Ce monde sans Qualité ressemblait étonnamment à un certain nombre de sociétés qu’il avait découvertes en lisant Le Meilleur des mondes d’Aldous Huxley et 1984 de George Orwell. Il se souvenait aussi de bien des gens qu’il avait connus, qui se seraient sentis parfaitement à l’aise dans un monde sans Qualité – ceux, par exemple, qui lui avaient conseillé d’arrêter de fumer. Plus d’une fois, on lui avait demandé comment il pouvait justifier rationnellement cette mauvaise habitude. Il ne le pouvait pas – et ses amis prenaient un air supérieur, comme s’il avait perdu la face. Il leur fallait des raisons, des plans, des solutions pour tout. Ils lui ressemblaient, en fait – et c’était eux qui l’attaquaient. Pendant longtemps, il chercha un mot pour les qualifier, pour mieux définir ce monde sans Qualité.
C’était un univers intellectuel, mais là n’était pas le fond du problème. Il s’agissait surtout d’une certaine façon de considérer les choses, qui supposait a priori qu’elles obéissaient aux lois de la raison. Le progrès de l’humanité passait par la découverte de telles lois, et leur application visait à la satisfaction des besoins de l’humanité. Cette conviction donnait sa cohérence à leur façon de penser. Phèdre revint néanmoins à son point de départ.
La morosité. Voilà le fond du problème. Quand on retire du monde la Qualité, on trouve un monde morose. L’absence de Qualité, c’est la morosité.
C’est ce que disaient certains de ses amis, des artistes noirs avec qui il avait, une autre année, voyagé à travers les États-Unis. Ils se plaignaient toujours de cette absence de Qualité qui caractérise un certain mode de vie, ils rejetaient les discours et les théories des intellectuels. Il y avait entre lui et eux un malentendu permanent, parce que Phèdre représentait un exemple typique de tout ce qu’ils avaient décidé de refuser. Plus il essayait de leur faire préciser leur pensée, plus ils se faisaient vagues. Avec la découverte qu’il avait faite sur l’importance de la Qualité, il en arrivait à parler comme eux, de façon tout aussi imprécise. Et pourtant, ce dont il parlait, lui, était aussi clair et précis que le mieux défini des concepts rationnels qu’il ait jamais eu à étudier.

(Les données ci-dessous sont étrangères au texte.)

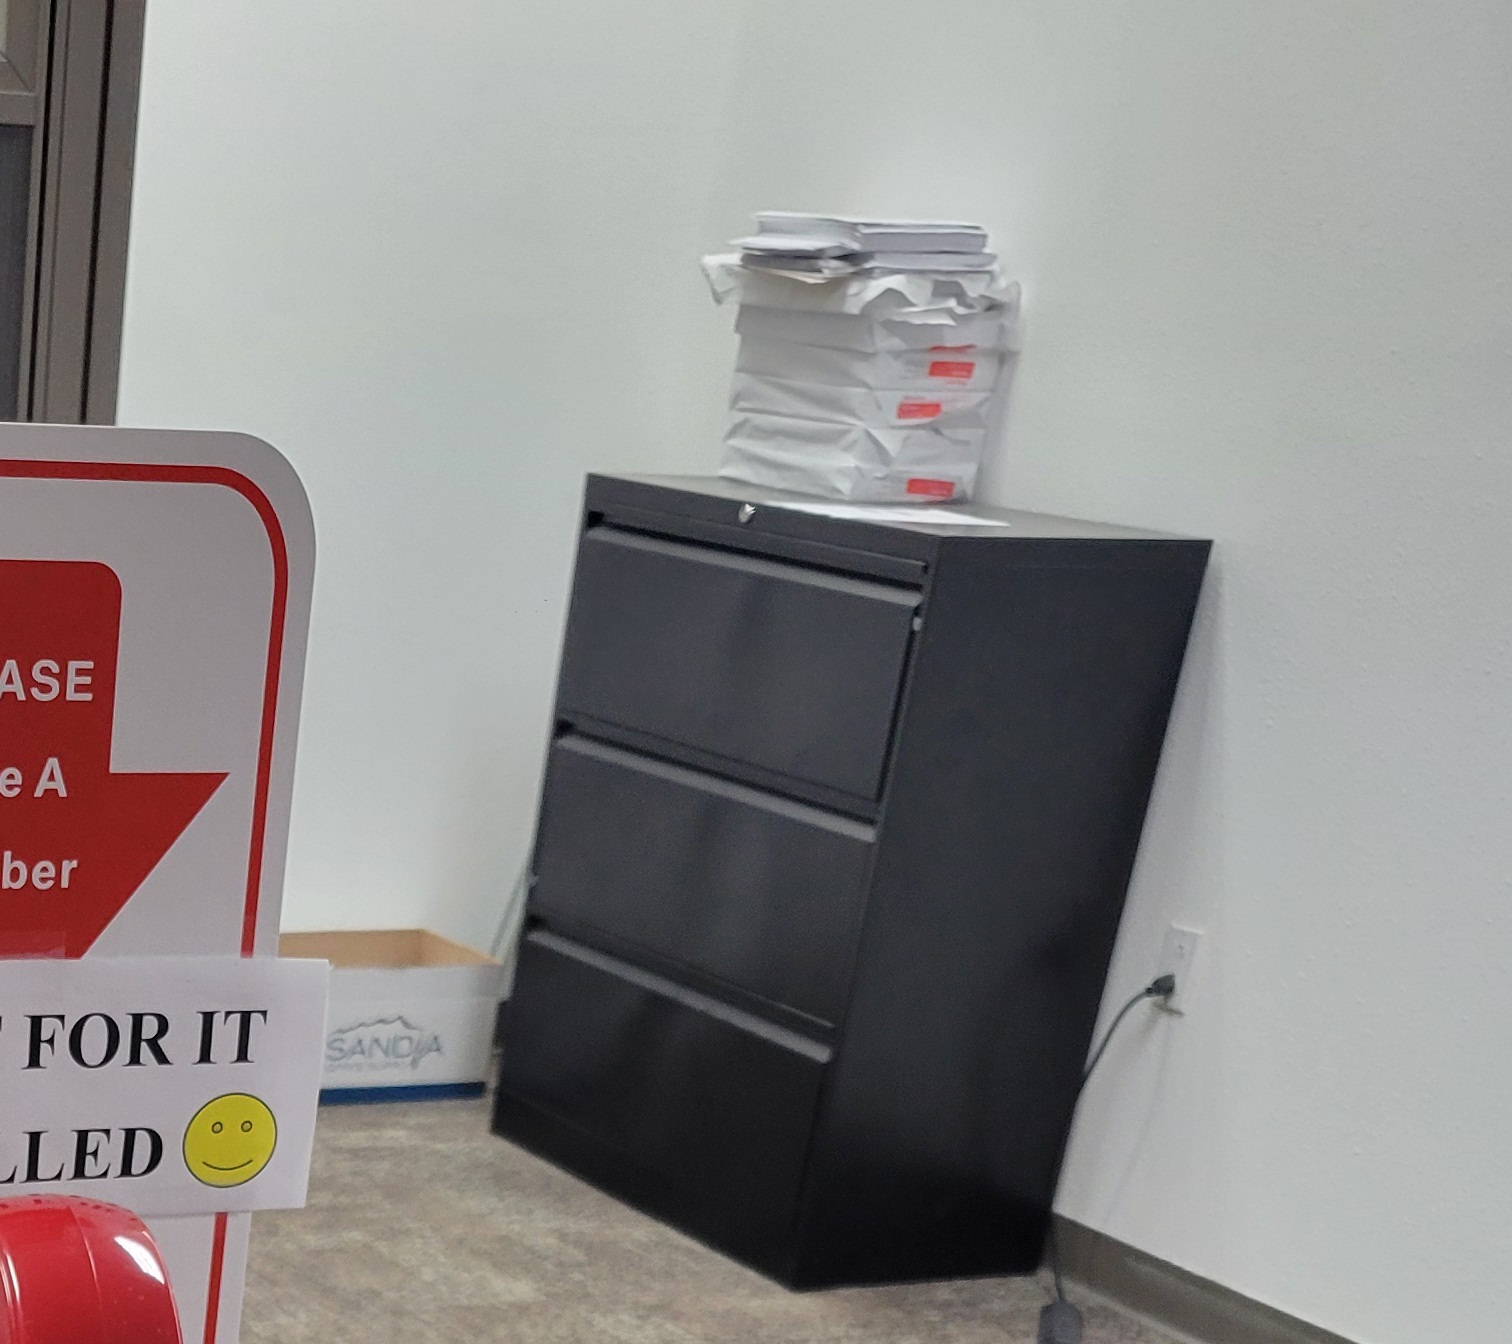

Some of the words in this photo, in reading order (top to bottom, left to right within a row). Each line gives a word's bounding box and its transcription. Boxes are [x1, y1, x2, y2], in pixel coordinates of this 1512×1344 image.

En fait, c’est de la Qualité qu’ils avaient parlé pendant tout le voyage.
— Oh ! vieux. Fais un effort pour piger, disaient-ils. Et arrête avec tes questions à dix dollars ! Si tu passes ton temps à te demander ce que c’est que la vie, tu n’auras jamais le temps de vivre.
La vie. La Qualité. Une seule et même chose ?

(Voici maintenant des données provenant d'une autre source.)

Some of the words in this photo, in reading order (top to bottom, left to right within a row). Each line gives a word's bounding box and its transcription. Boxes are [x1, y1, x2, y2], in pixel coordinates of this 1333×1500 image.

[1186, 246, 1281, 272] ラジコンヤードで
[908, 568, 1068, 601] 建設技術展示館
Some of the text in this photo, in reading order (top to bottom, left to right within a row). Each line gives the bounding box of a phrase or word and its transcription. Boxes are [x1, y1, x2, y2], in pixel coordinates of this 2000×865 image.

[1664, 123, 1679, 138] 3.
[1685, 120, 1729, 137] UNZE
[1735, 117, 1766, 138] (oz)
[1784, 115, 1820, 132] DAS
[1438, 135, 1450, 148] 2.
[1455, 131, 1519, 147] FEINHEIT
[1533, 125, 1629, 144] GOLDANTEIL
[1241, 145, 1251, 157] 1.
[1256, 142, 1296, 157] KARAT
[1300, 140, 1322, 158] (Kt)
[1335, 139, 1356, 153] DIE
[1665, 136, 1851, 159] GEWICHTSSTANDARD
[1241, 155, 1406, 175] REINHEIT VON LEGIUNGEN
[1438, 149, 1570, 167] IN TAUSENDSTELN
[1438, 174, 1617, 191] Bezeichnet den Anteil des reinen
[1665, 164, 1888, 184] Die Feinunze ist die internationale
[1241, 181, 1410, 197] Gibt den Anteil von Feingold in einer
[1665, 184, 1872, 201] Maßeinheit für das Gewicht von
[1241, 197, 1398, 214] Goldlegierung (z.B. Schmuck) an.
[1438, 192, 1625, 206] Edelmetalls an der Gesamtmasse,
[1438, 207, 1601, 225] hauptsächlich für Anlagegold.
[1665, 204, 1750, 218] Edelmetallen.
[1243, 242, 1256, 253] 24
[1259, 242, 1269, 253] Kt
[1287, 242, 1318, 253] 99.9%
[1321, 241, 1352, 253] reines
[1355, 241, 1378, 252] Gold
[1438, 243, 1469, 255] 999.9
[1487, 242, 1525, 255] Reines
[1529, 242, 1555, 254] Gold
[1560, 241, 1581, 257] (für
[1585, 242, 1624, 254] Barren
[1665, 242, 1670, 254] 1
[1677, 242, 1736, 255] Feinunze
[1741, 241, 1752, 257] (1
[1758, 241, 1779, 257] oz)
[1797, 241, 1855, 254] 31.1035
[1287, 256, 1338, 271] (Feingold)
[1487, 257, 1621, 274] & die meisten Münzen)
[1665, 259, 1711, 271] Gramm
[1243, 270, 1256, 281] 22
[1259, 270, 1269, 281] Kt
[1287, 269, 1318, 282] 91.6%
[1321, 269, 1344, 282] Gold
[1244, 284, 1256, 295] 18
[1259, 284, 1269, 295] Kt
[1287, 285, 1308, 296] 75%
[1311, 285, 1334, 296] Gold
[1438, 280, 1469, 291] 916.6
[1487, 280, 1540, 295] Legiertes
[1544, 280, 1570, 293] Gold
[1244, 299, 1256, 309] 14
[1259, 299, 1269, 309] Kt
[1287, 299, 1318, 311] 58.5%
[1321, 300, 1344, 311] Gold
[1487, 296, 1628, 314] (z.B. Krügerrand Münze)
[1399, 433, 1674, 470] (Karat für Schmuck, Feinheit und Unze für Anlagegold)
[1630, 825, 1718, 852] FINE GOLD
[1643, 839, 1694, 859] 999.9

La cristallisation s’accentuait. Il voyait deux mondes en même temps. Intellectuellement, il se rendait compte que la Qualité pouvait être la ligne de clivage que l’on recherche dans toute analyse. Si l’on applique la notion de Qualité à l’univers entier, il se divise aussitôt en deux mondes : les hippies et les moroses, les romantiques et les classiques, les humanistes et les technocrates. La coupure est franche, sans bavure. Il ne s’agit pas seulement d’une division ingénieuse, mais d’une coupure réelle. Il arrive que les meilleurs esprits, appliquant les lignes de clivage les plus évidentes, n’obtiennent aucun résultat. Et pourtant la Qualité, ligne de faille infime et presque imperceptible, ligne illogique dans un univers logique, divise l’univers en deux avec une netteté presque incroyable. Ah ! si Kant était encore vivant ! Il aurait apprécié cette trouvaille à sa juste valeur. Cet orfèvre de l’analyse… Il aurait compris le secret de la Qualité, qui est de demeurer indéfinissable.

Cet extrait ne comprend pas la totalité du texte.